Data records

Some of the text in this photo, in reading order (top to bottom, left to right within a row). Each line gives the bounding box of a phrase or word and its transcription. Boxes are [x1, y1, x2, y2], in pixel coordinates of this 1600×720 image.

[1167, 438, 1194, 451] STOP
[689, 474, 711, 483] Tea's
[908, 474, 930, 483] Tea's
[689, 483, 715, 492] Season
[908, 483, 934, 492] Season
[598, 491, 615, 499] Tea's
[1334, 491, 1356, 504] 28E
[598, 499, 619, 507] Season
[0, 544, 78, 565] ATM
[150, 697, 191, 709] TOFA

**WORK INSTRUCTION:**
Write out each record exactly, without addition or omission.

**SOLUTION:**
Some of the text in this photo, in reading order (top to bottom, left to right within a row). Each line gives the bounding box of a phrase or word and its transcription. Boxes are [x1, y1, x2, y2], in pixel coordinates of this 1600×720 image.

[1167, 438, 1194, 451] STOP
[689, 474, 711, 483] Tea's
[908, 474, 930, 483] Tea's
[689, 483, 715, 492] Season
[908, 483, 934, 492] Season
[598, 491, 615, 499] Tea's
[1334, 491, 1356, 504] 28E
[598, 499, 619, 507] Season
[0, 544, 78, 565] ATM
[150, 697, 191, 709] TOFA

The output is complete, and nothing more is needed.